The S3 One Zone – Infrequent Access (S3 One Zone- IA) stores data in a single AWS Availability Zone (AZ). It is different from the other S3 classes because it was created to be adaptable to the tangible loss of an AZ, this can be caused by a hurricane, earthquake, etc. This would be perfect for you if you don’t require extra protection due to your geographical location.  This S3 class is 20% cheaper than S3 Standard-IA.

S3 Glacier

This S3 purpose is long-term, rarely accessed data. Typically needed for end-of-lifecycle data that are not able to be deleted due to compliance and regulatory requirements. You can reacquire your data at different speeds.

S3 Glacier Deep Archive

Glacier Deep Archive is the cheapest S3, it’s purpose is long-term retention and digital maintenance of data that is not regularly accessed. It is most popular for highly-monitored industries that have to preserve data sets for supervisory compliance. 

Amazon S3 Storage class characteristics

AWS S3 Basic Costs

Amazon S3 Data Storage Costs

S3 data storage costs are different depending on the region they are located in. The table below demonstrates the costs of the S3 classes in the US West (Northern California) region:

The main aspect of provisioning storage costs is to match the correct data with the correct storage class with how the data is utilized. The best way to do this is to examine your data and determine how frequently accessed to determine if you need S3 Standard. Then, if you don’t need S3 Standard, you choose between S3 Standard-IA or One Zone-IA and Glacier. If your data can easily be renewed or is repetitive, the best choice for you could be One Zone-IA. Glacier storage is a great option if you are looking for long-term storage. The best way to determine your decision is by looking at how you use your data currently. If you need help governing your data’s organization within IA storage or Standard, S3 Intelligent-Tiering could be for you.

Amazon S3 Data Relocation Expenses

AWS data relocation expenses are determined by how much data needs to be relocated from S3 to the Internet (Data Transfer Out), in addition to the data being relocated between AWS regions (Inter-Region Data Transfer Out). Moving data between S3 services in alike regions have no cost. The cost for internet data relocations look like this In the Us West (Northern California) region:

Relocating data to different regions comes with expenses, but they are much cheaper than the internet. If you need to relocate the data to CloudFront, there is no cost.

Amazon Transfer Acceleration 

Amazon S3 Transfer Acceleration allows the quicker transfer of files over far ranges between your user and your Amazon S3 bucket. It’s simple to use and there is no customization. AWS intelligent routing enables quicker data transfers. Transfer Acceleration has a control that if AWS does not move the data packet quicker, you don’t have to pay for premium. You can preview the effects of data transfer acceleration on AWS’ Speed Comparison page.
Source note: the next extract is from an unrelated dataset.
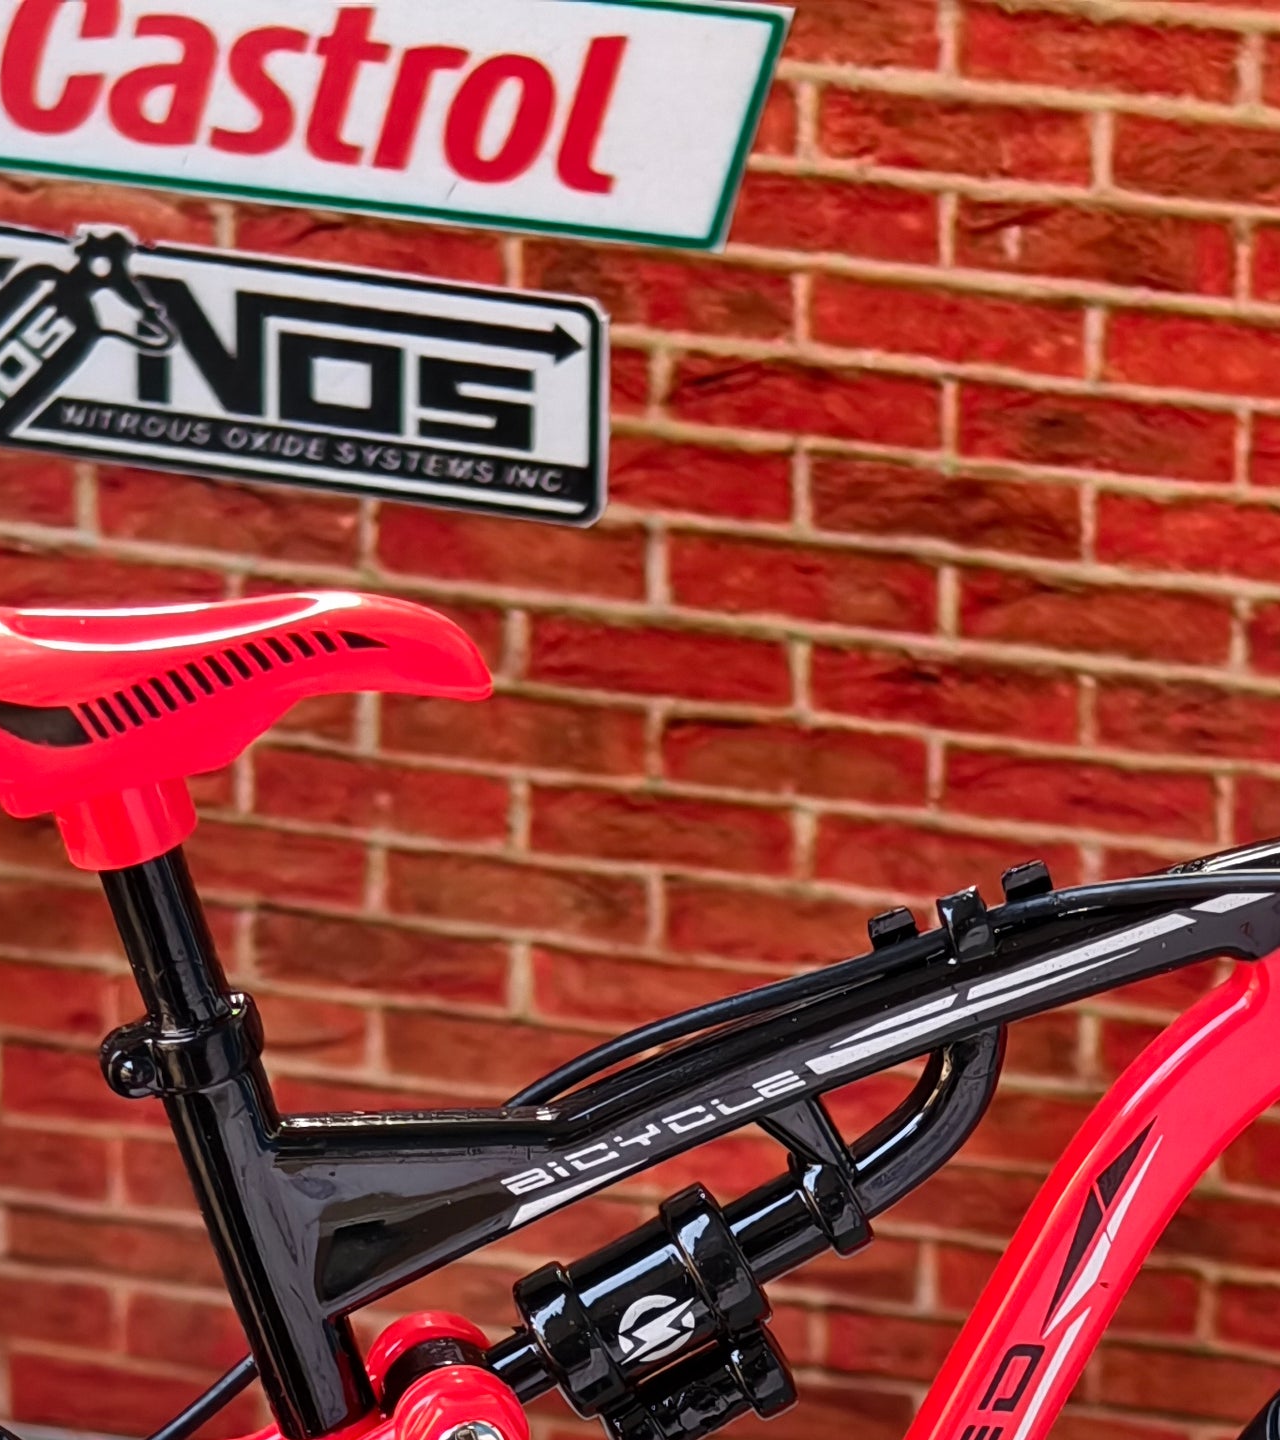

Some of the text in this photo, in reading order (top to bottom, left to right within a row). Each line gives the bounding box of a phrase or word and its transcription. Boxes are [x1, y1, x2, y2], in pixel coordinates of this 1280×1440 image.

Transfer Acceleration pricing is added to data transfer fees and does is not specific to a region

Transfer acceleration operates with Edge Locations that are a piece of CloudFront. Your cost depends on the Edge Location you chose. 

AWS Snowball 

This S3 is a petabyte-scale data storage tool that operates with devices created to transfer massive quantities of data in and out of the cloud. To do this, construct a job in the AWS Management Console, and a Snowball tool will then be sent to you. Using Snowball devices for every job has no cost for 10 days of onsite utilization. Transferring data into AWS has no cost, however, the price transferring data out is determined by region. Also, you need to take into consideration the job and shipping fees. 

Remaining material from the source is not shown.